NEWS ANALYSIS: 2024 Super Tuesday brings 2020 repeat

Year after year, the results of Super Tuesday—the day when the greatest number of U.S. states hold their presidential primary elections—are seen as a strong indicator of who will become the presidential nominees of each political party. Held on March 5 this year, the results were no surprise to the American people, with Donald Trump and Joe Biden both dominating most of the primary states and the rest of the candidates dropping out. 

Most of the Democratic candidates dropped out toward the beginning of the primary season, and the GOP race was the only one that had the appearance of some competition. Nikki Haley was the only candidate able to take any delegates away from Trump by winning her first and only state, Vermont. In addition, Haley also won all 19 delegates in Washington D.C., according to a March 4 NPR article. This win could mean that the Republicans closest to the state capital reject the chaos and drama surrounding Trump. This indicates the split of the GOP and with the support of Trump. Even though Trump has a lot of support, there is still a fair amount of dissent over his candidacy that divides the Republican party.  

Haley was determined to stay in the race so that Republicans had another option besides Trump on the ballot, even though Trump was rolling through most of the state primaries and winning by large margins, according to a March 4 NPR article.  

With Trump continuing to win state after state, Haley announced her early departure from the race on March 6 but did not endorse Trump, saying that he would have to earn their votes, according to a March 6 CNN article.

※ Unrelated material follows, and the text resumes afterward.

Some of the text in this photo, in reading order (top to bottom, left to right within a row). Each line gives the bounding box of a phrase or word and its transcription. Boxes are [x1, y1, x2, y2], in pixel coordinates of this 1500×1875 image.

Haley did not want to fully support Trump and his campaign, so her supporters could still have an open mind and choose a candidate based on their own beliefs, not just those of the Republican party. This could mean that she does not fully support Trump, and wants him to adhere to different beliefs so that he could support all of the Republican party. Trump has lost roughly 30 to 40 percent of the GOP vote because of his stubborn nature and unwillingness to compromise, according to reporting from CNN. 

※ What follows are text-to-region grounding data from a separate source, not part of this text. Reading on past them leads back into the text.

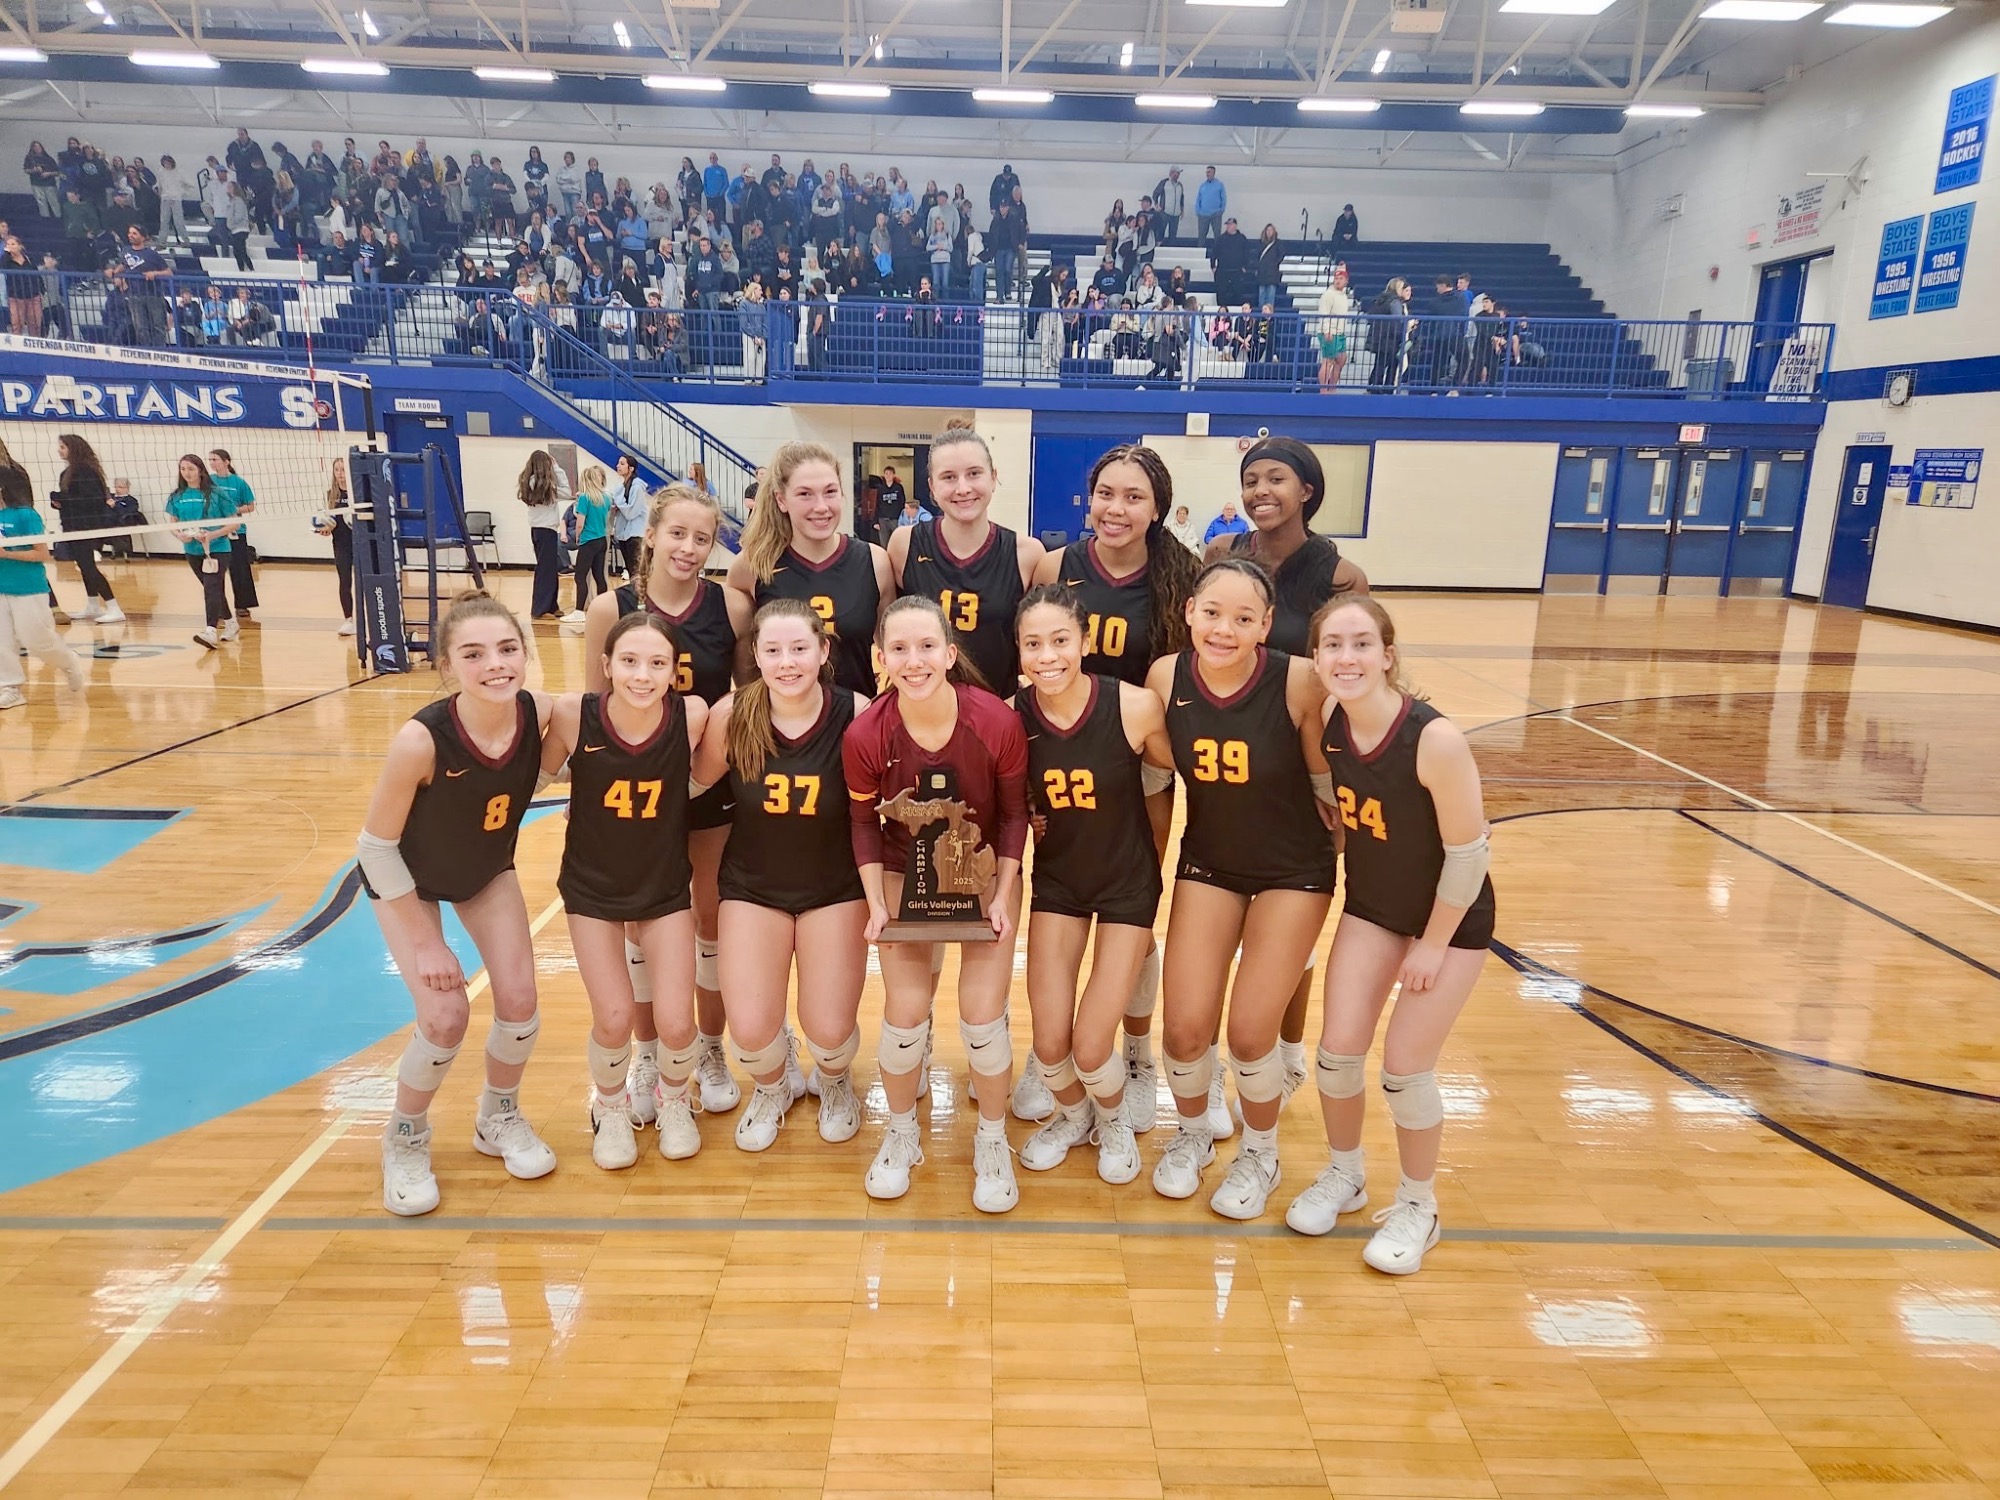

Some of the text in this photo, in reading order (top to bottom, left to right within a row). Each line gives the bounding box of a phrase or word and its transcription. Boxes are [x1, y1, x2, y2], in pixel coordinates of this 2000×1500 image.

[1955, 82, 1991, 107] BOYS
[1950, 100, 1990, 124] STATE
[1951, 126, 1980, 148] 2016
[1942, 141, 1983, 167] HOCKEY
[1934, 209, 1968, 230] BOYS
[1886, 221, 1918, 240] BOYS
[1929, 225, 1967, 246] STATE
[1883, 236, 1917, 256] STATE
[1885, 261, 1907, 278] 1995
[1931, 251, 1957, 269] 1996
[1875, 277, 1911, 296] WRESTLING
[1921, 267, 1961, 288] WRESTLING
[1872, 299, 1907, 314] FINAL FOUR
[1917, 290, 1957, 308] STATE FINALS
[23, 337, 96, 354] STEVENSON SPARTANS
[1788, 344, 1806, 356] NO
[1780, 357, 1819, 366] STANDING
[1784, 366, 1810, 375] ALONG
[1787, 375, 1801, 384] THE
[398, 401, 437, 410] TEAM ROOM
[898, 432, 919, 440] TRAINING
[1685, 428, 1702, 440] EXIT
[375, 587, 389, 640] sports imports
[810, 596, 834, 634] 2
[940, 589, 979, 632] 13
[1088, 613, 1128, 657] 10
[1193, 738, 1250, 784] 39
[603, 779, 662, 819] 47
[763, 773, 821, 815] 37
[1044, 768, 1096, 810] 22
[483, 793, 511, 832] 8
[1336, 785, 1388, 841] 24
[916, 839, 926, 895] CHAMPION
[953, 877, 974, 885] 2025
[908, 900, 973, 911] Girls Volleyball

After her departure, Trump has not officially, but basically secured his spot as the Republican candidate. He claimed over 90 percent of the delegates in the primaries, and showed his strong grip over the Republican party, according to a March 6 CNN article. But time will tell if this iron-claw hold over the Republican party is enough to beat Biden in the general election. 

Voting trends in the primaries suggest Democrat disapproval of Biden’s handling of the Israel-Palestine conflict could create a split in the party. His approval rates remained as low as 37 percent at the end of February, according to a Feb. 28 Reuters article, the Biden administration’s Israel policy and handling over Gaza, more than 100,000 Democrats voted “uncommitted” in the presidential party primary, CNN reported on March 6 likley played a large role in his ratings. Disapproval aside, Biden still has dominated the presidential primaries. No candidate that has been in the Democratic race has even come close to getting as many votes or as much support as Biden. 

This Super Tuesday has brought no unusual surprises to the political ring. The candidates who were supposed to dominate did, but it did bring new hope for the future. Haley created a platform for herself by staying in the race for so long. Haley made connections and created a name for herself in this GOP race that no other candidate had the capacity or ability to do this year. Even though the 2024 election has Trump and Biden’s names, Haley might be in the ring for 2028.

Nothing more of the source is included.